(AVAILABLE RECORDS)

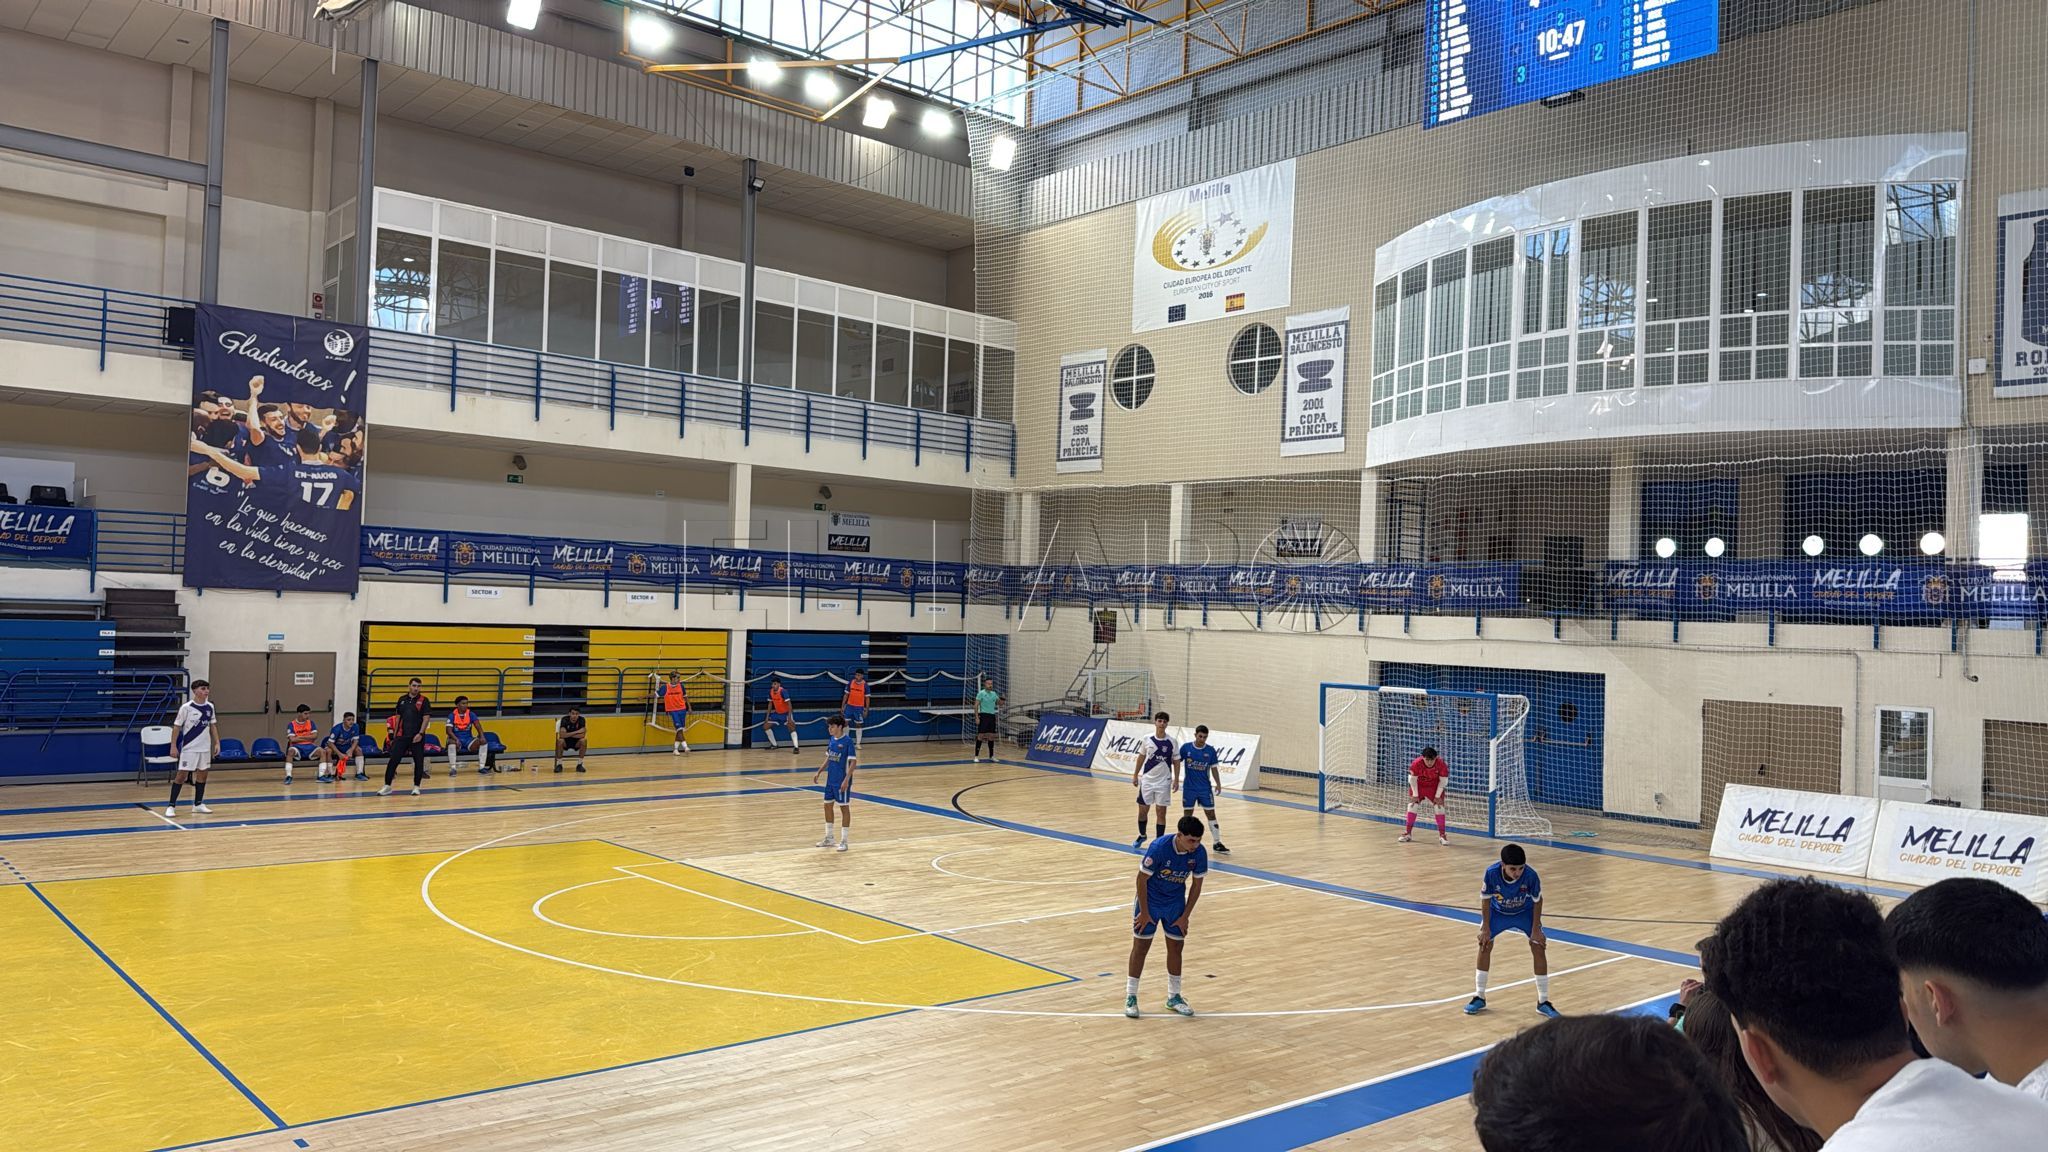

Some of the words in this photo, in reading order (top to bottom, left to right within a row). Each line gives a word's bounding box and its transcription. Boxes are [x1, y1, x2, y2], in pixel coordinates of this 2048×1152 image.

[1557, 12, 1564, 26] 2
[1537, 20, 1585, 55] 10:47
[1594, 43, 1604, 61] 2
[1517, 66, 1526, 83] 3
[1189, 182, 1232, 204] Melilla
[1163, 279, 1184, 290] CIUDAD
[1185, 273, 1211, 285] EUROPEA
[1212, 271, 1223, 279] DEL
[1224, 265, 1252, 277] DEPORTE
[1198, 290, 1214, 300] 2016
[1292, 326, 1340, 344] MELILLA
[1290, 337, 1343, 355] BALONCESTO
[218, 330, 334, 391] Gladiadores
[1066, 366, 1101, 378] MELILLA
[1064, 374, 1102, 388] BALONCESTO
[1302, 398, 1324, 411] 2001
[1299, 411, 1327, 425] COPA
[1288, 422, 1338, 437] PRINCIPE
[1070, 437, 1091, 447] COPA
[1062, 446, 1098, 457] PRINCIPE
[301, 482, 334, 506] 17
[256, 509, 279, 527] que
[280, 513, 328, 543] hacemos
[842, 518, 870, 528] MELILLA
[33, 535, 68, 545] DEPORTE
[205, 511, 224, 526] en
[227, 513, 243, 532] la
[245, 526, 271, 544] vida
[274, 535, 304, 556] tiene
[306, 551, 320, 563] su
[321, 557, 345, 571] eco
[368, 533, 439, 553] MELILLA
[830, 535, 868, 547] MELILLA
[219, 540, 238, 554] en
[241, 541, 256, 560] la
[552, 544, 614, 563] MELILLA
[482, 551, 542, 567] MELILLA
[710, 554, 762, 572] MELILLA
[651, 562, 700, 575] MELILLA
[794, 568, 836, 581] MELILLA
[844, 561, 891, 577] MELILLA
[918, 575, 956, 586] MELILLA
[1359, 571, 1415, 588] MELILLA
[1607, 568, 1679, 588] MELILLA
[1812, 568, 1901, 589] MELILLA
[1305, 582, 1350, 595] MELILLA
[1451, 584, 1506, 597] MELILLA
[1727, 583, 1798, 598] MELILLA
[1961, 585, 2048, 602] MELILLA
[1037, 724, 1097, 748] MELILLA
[1739, 807, 1856, 843] MELILLA
[1738, 832, 1774, 845] CIUDAD
[1777, 836, 1796, 848] DEL
[1800, 840, 1844, 854] DEPORTE
[1900, 825, 2036, 864] MELILLA
[1899, 852, 1942, 866] CIUDAD
[1946, 858, 1967, 870] DEL
[1972, 862, 2023, 877] DEPORTE

(WORK INSTRUCTIONS)
Copy out each record shown above without alteration, skipping any picture.

(WRITTEN ANSWER)
Some of the words in this photo, in reading order (top to bottom, left to right within a row). Each line gives a word's bounding box and its transcription. Boxes are [x1, y1, x2, y2], in pixel coordinates of this 2048×1152 image.

[1557, 12, 1564, 26] 2
[1537, 20, 1585, 55] 10:47
[1594, 43, 1604, 61] 2
[1517, 66, 1526, 83] 3
[1189, 182, 1232, 204] Melilla
[1163, 279, 1184, 290] CIUDAD
[1185, 273, 1211, 285] EUROPEA
[1212, 271, 1223, 279] DEL
[1224, 265, 1252, 277] DEPORTE
[1198, 290, 1214, 300] 2016
[1292, 326, 1340, 344] MELILLA
[1290, 337, 1343, 355] BALONCESTO
[218, 330, 334, 391] Gladiadores
[1066, 366, 1101, 378] MELILLA
[1064, 374, 1102, 388] BALONCESTO
[1302, 398, 1324, 411] 2001
[1299, 411, 1327, 425] COPA
[1288, 422, 1338, 437] PRINCIPE
[1070, 437, 1091, 447] COPA
[1062, 446, 1098, 457] PRINCIPE
[301, 482, 334, 506] 17
[256, 509, 279, 527] que
[280, 513, 328, 543] hacemos
[842, 518, 870, 528] MELILLA
[33, 535, 68, 545] DEPORTE
[205, 511, 224, 526] en
[227, 513, 243, 532] la
[245, 526, 271, 544] vida
[274, 535, 304, 556] tiene
[306, 551, 320, 563] su
[321, 557, 345, 571] eco
[368, 533, 439, 553] MELILLA
[830, 535, 868, 547] MELILLA
[219, 540, 238, 554] en
[241, 541, 256, 560] la
[552, 544, 614, 563] MELILLA
[482, 551, 542, 567] MELILLA
[710, 554, 762, 572] MELILLA
[651, 562, 700, 575] MELILLA
[794, 568, 836, 581] MELILLA
[844, 561, 891, 577] MELILLA
[918, 575, 956, 586] MELILLA
[1359, 571, 1415, 588] MELILLA
[1607, 568, 1679, 588] MELILLA
[1812, 568, 1901, 589] MELILLA
[1305, 582, 1350, 595] MELILLA
[1451, 584, 1506, 597] MELILLA
[1727, 583, 1798, 598] MELILLA
[1961, 585, 2048, 602] MELILLA
[1037, 724, 1097, 748] MELILLA
[1739, 807, 1856, 843] MELILLA
[1738, 832, 1774, 845] CIUDAD
[1777, 836, 1796, 848] DEL
[1800, 840, 1844, 854] DEPORTE
[1900, 825, 2036, 864] MELILLA
[1899, 852, 1942, 866] CIUDAD
[1946, 858, 1967, 870] DEL
[1972, 862, 2023, 877] DEPORTE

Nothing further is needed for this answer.